FIG. 5 is a block diagram of a detection circuit according to another embodiment.

[Explanation of symbols]

 DESCRIPTION OF SYMBOLS 1 Exciting coil 2 Electromagnet 4 Supported body 6 Pulse width modulation type current amplifier 7, 7a, 7b Detection circuit 9 Control circuit 21 Differential amplification circuit 22 Detection circuit 50, 51 Removal circuit A Constant frequency signal X Relative displacement

Claims (5)

(57) [Claims] 1. A magnetic bearing device for supporting a supported member in a non-contact state by an electromagnet having an exciting coil made of a conductor, wherein pulse width modulation (pulse width) for supplying a current including a constant frequency signal to the exciting coil. A current amplifier of a type, and a detection circuit for detecting the constant frequency signal that has been subjected to AM modulation by a change in self-inductance of the excitation coil due to a change in a magnetic circuit of the excitation coil based on the relative displacement amount of the supported body.

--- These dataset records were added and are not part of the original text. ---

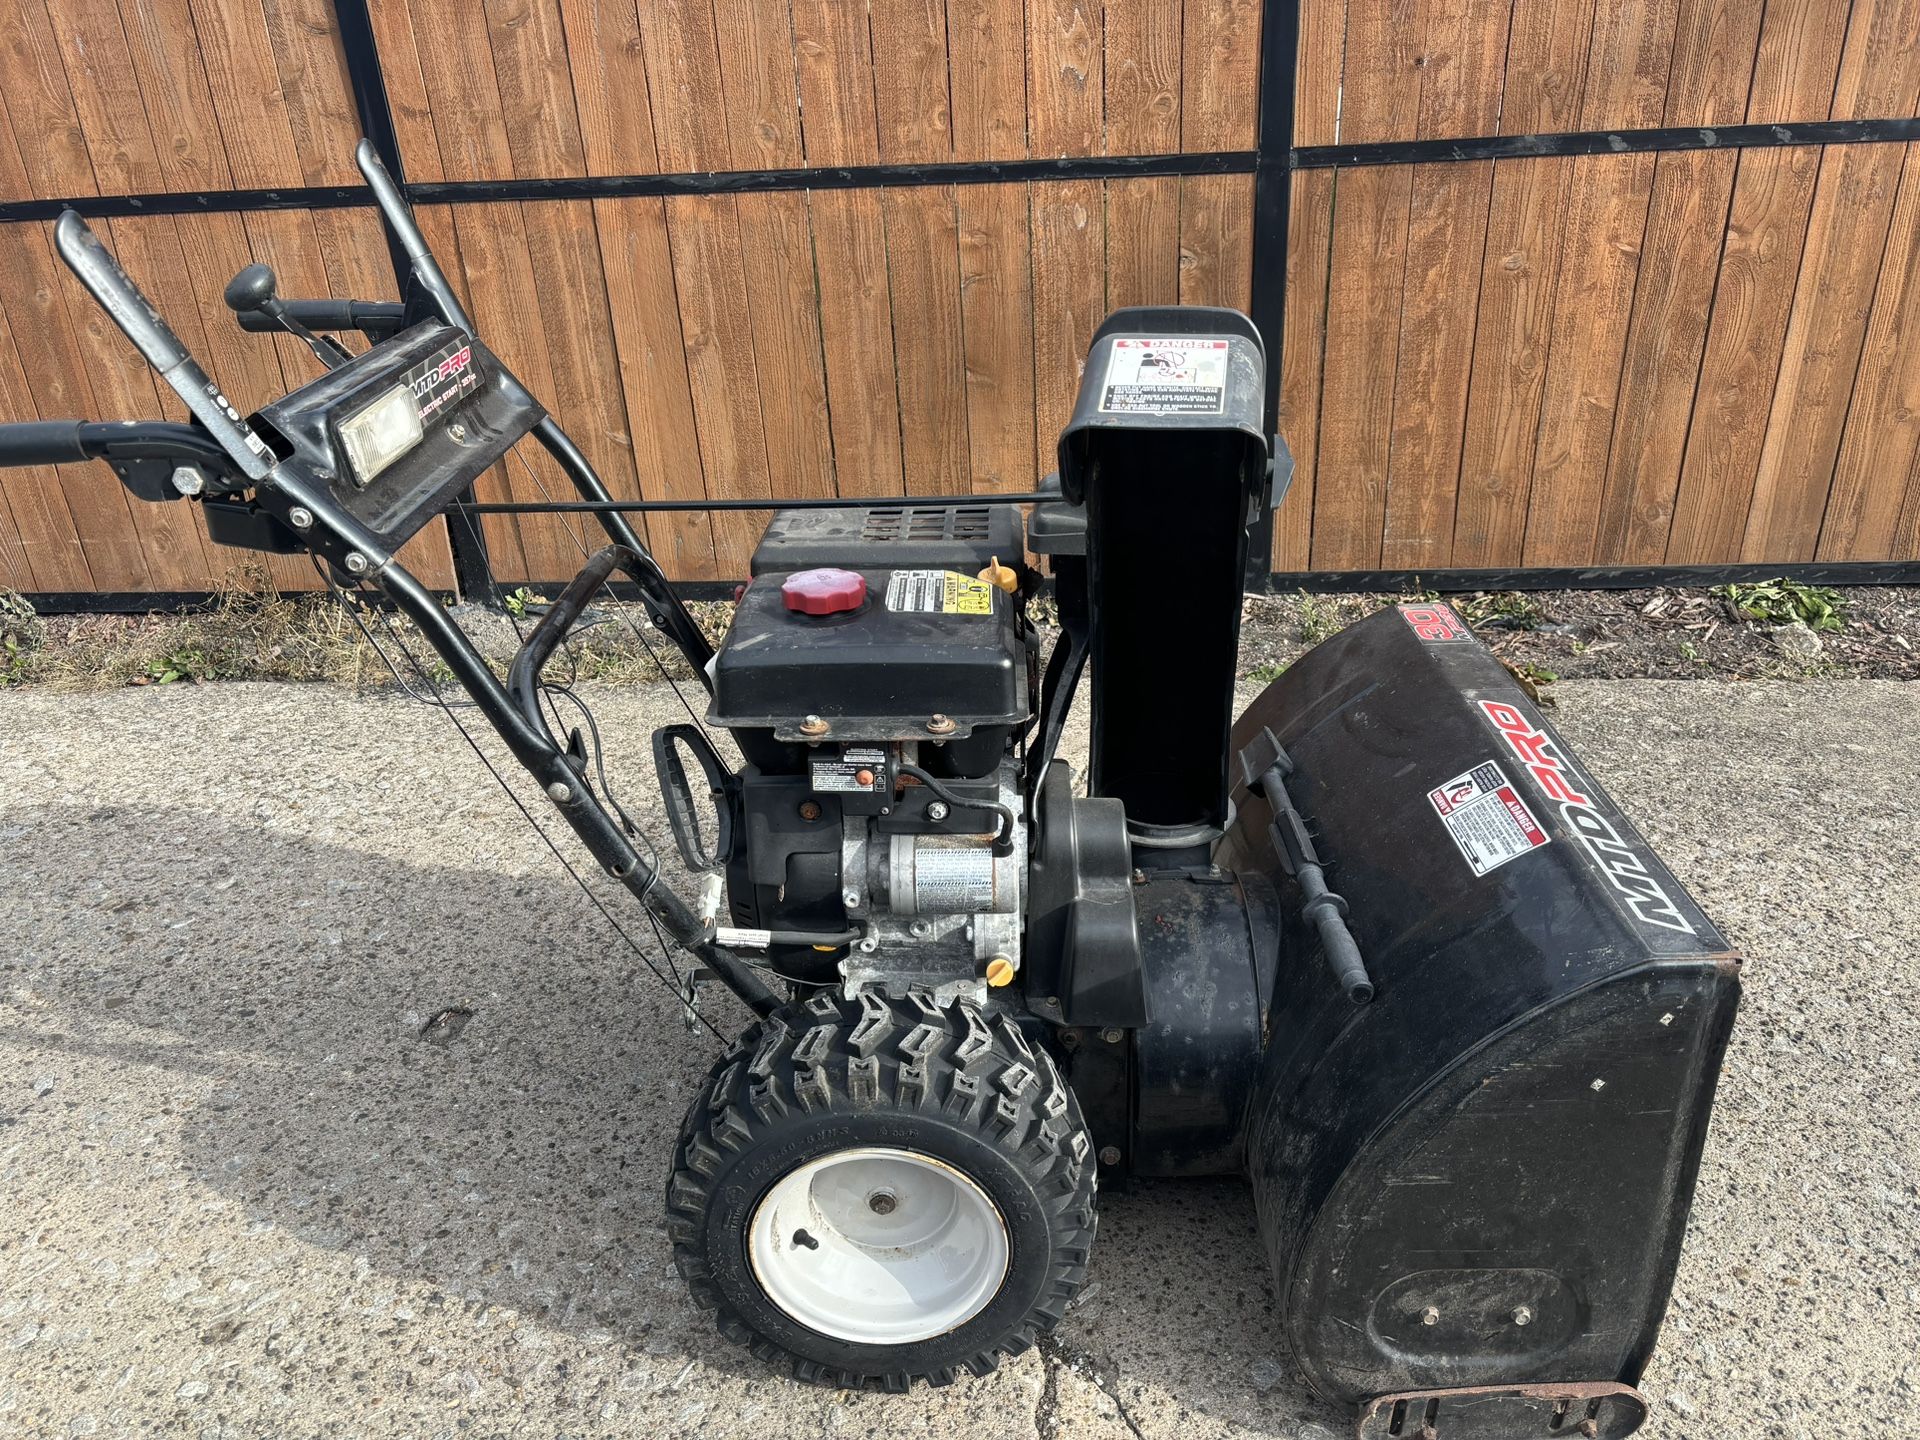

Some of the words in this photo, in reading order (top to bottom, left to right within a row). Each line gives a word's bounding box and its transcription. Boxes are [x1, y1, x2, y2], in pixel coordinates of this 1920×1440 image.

[1150, 341, 1213, 349] DANGER
[418, 396, 443, 419] ELECTRIC
[442, 384, 459, 401] START
[1478, 699, 1697, 936] MTDPRO
[1511, 802, 1536, 833] DANGER
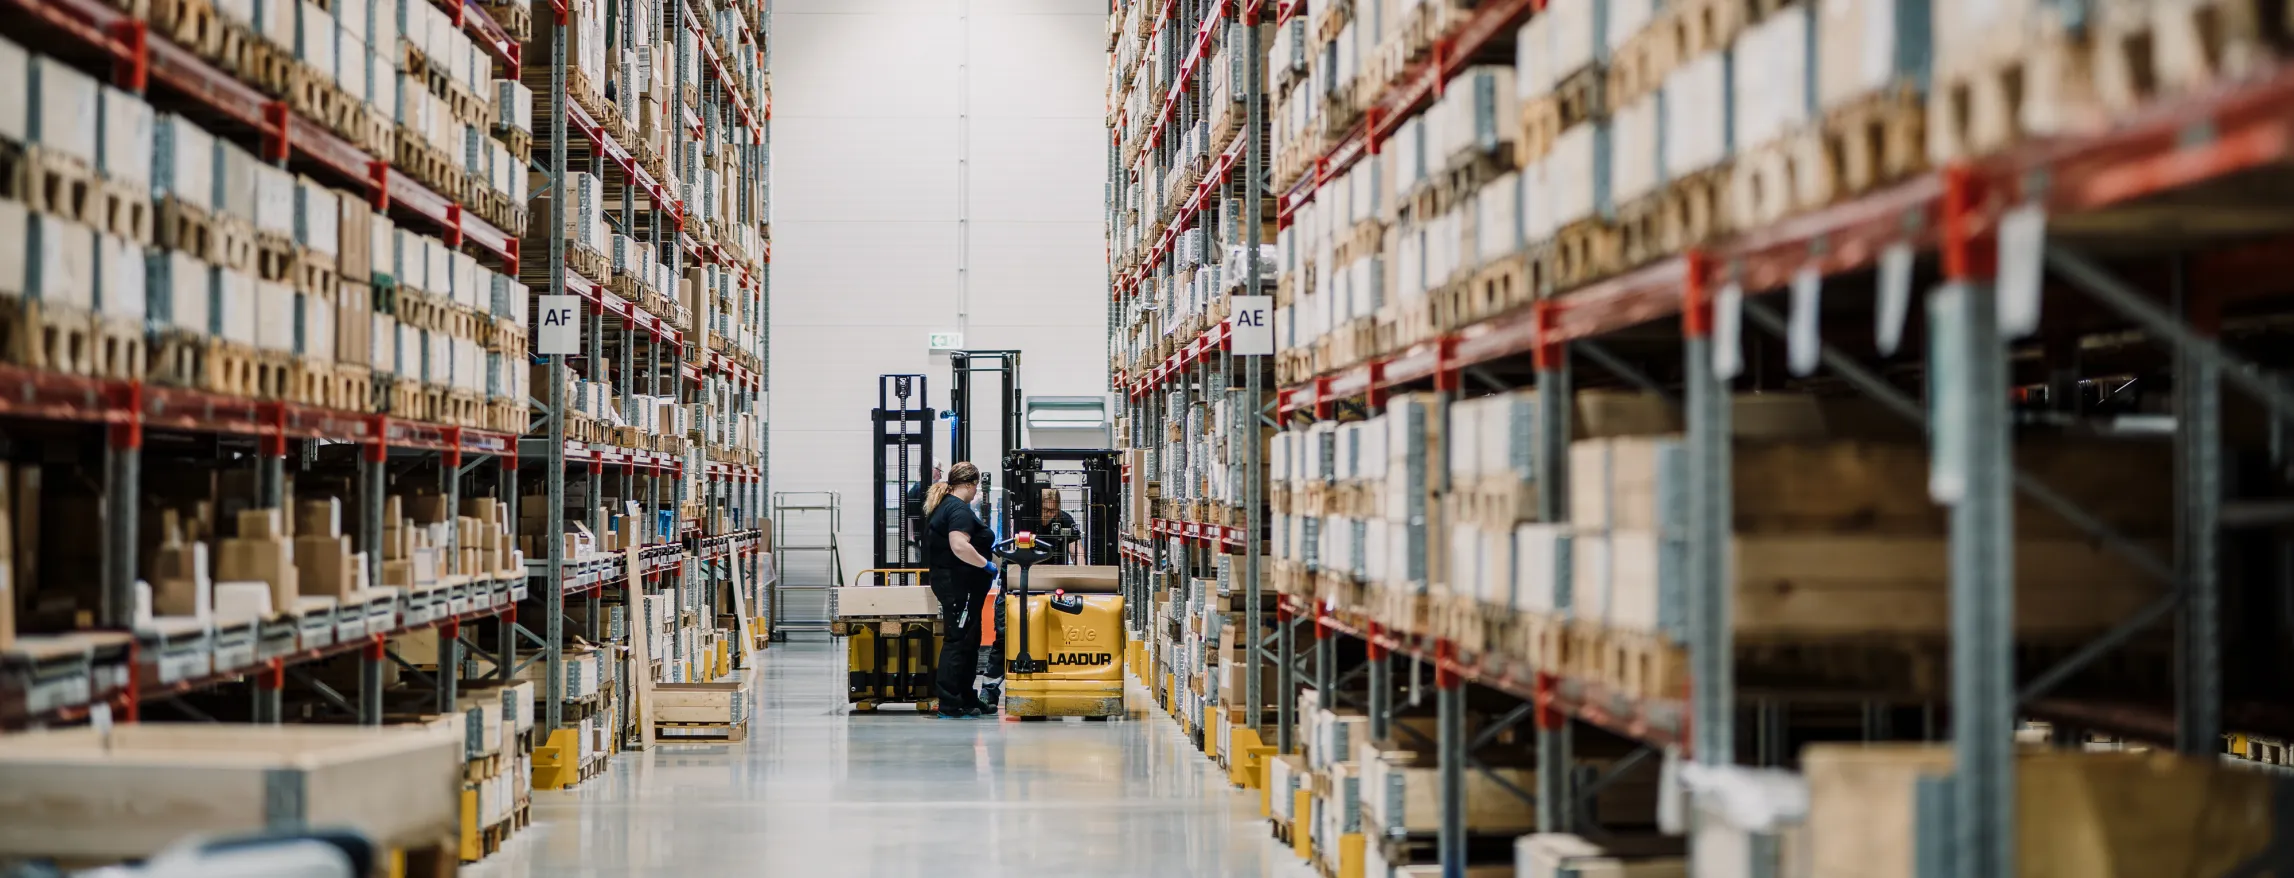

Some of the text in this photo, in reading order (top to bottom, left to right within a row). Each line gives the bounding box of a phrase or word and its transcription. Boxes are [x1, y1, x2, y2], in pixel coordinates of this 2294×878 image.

A magnetic bearing device comprising: 2. The detection circuit according to claim 1, further comprising a detection circuit configured to separate the detected constant frequency signal into a carrier and a component of a relative displacement signal generated by a change in the self-inductance. The magnetic bearing device according to claim 1, wherein: 3. The relative displacement signal wave, which is a relative displacement component between the support side including the excitation coil and the supported body, is fed back, and the relative displacement amount between the support side and the supported body is determined. 3. The magnetic bearing device according to claim 2, further comprising a control circuit for controlling the pulse width modulation type current amplifier to follow a target value. 4. The switching method according to claim 1, wherein the switching frequency of the pulse width modulation type current amplifier is 1 to the frequency of the fixed frequency signal.
The magnetic bearing device according to any one of claims 1 to 3, wherein the value is set to 0 times or more. 5. The pulse width modulation type current amplifier according to claim 1, wherein an input stage of said detection circuit is provided with a removal circuit for removing a signal component of a switching frequency of said pulse width modulation type current amplifier. Magnetic bearing device.